Referring expression grounding data:
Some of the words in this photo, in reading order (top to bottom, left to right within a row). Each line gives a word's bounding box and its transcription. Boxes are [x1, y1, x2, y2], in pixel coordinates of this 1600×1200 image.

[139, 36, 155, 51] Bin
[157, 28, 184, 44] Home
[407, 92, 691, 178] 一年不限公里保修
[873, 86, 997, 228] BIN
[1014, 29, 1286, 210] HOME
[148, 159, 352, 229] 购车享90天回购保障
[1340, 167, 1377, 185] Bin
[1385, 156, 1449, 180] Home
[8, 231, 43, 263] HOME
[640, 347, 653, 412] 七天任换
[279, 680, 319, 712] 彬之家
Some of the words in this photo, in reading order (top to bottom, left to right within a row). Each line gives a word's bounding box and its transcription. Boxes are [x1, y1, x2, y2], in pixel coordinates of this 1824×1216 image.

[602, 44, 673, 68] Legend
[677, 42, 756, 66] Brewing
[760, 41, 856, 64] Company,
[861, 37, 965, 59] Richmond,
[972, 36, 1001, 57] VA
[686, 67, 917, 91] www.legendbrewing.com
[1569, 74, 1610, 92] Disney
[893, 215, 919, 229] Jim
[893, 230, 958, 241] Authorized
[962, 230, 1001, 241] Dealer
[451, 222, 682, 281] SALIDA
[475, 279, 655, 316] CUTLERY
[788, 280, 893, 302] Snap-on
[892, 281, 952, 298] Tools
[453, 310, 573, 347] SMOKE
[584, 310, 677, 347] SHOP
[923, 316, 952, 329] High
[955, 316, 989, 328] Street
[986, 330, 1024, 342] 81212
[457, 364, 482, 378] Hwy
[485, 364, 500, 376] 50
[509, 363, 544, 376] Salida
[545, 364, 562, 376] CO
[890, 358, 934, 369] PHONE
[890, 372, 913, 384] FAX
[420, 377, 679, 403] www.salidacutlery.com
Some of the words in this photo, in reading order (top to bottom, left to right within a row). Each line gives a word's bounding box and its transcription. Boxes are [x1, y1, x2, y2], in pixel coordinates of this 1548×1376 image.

WHAT THIS TASK INVOLVES:
Write out, word for word, the line containing "this 1824×1216 image." and all the lines after it in the entries above, and nothing more.

REPLY TO THE EXERCISE:
Some of the words in this photo, in reading order (top to bottom, left to right within a row). Each line gives a word's bounding box and its transcription. Boxes are [x1, y1, x2, y2], in pixel coordinates of this 1824×1216 image.

[602, 44, 673, 68] Legend
[677, 42, 756, 66] Brewing
[760, 41, 856, 64] Company,
[861, 37, 965, 59] Richmond,
[972, 36, 1001, 57] VA
[686, 67, 917, 91] www.legendbrewing.com
[1569, 74, 1610, 92] Disney
[893, 215, 919, 229] Jim
[893, 230, 958, 241] Authorized
[962, 230, 1001, 241] Dealer
[451, 222, 682, 281] SALIDA
[475, 279, 655, 316] CUTLERY
[788, 280, 893, 302] Snap-on
[892, 281, 952, 298] Tools
[453, 310, 573, 347] SMOKE
[584, 310, 677, 347] SHOP
[923, 316, 952, 329] High
[955, 316, 989, 328] Street
[986, 330, 1024, 342] 81212
[457, 364, 482, 378] Hwy
[485, 364, 500, 376] 50
[509, 363, 544, 376] Salida
[545, 364, 562, 376] CO
[890, 358, 934, 369] PHONE
[890, 372, 913, 384] FAX
[420, 377, 679, 403] www.salidacutlery.com
Some of the words in this photo, in reading order (top to bottom, left to right within a row). Each line gives a word's bounding box and its transcription. Boxes are [x1, y1, x2, y2], in pixel coordinates of this 1548×1376 image.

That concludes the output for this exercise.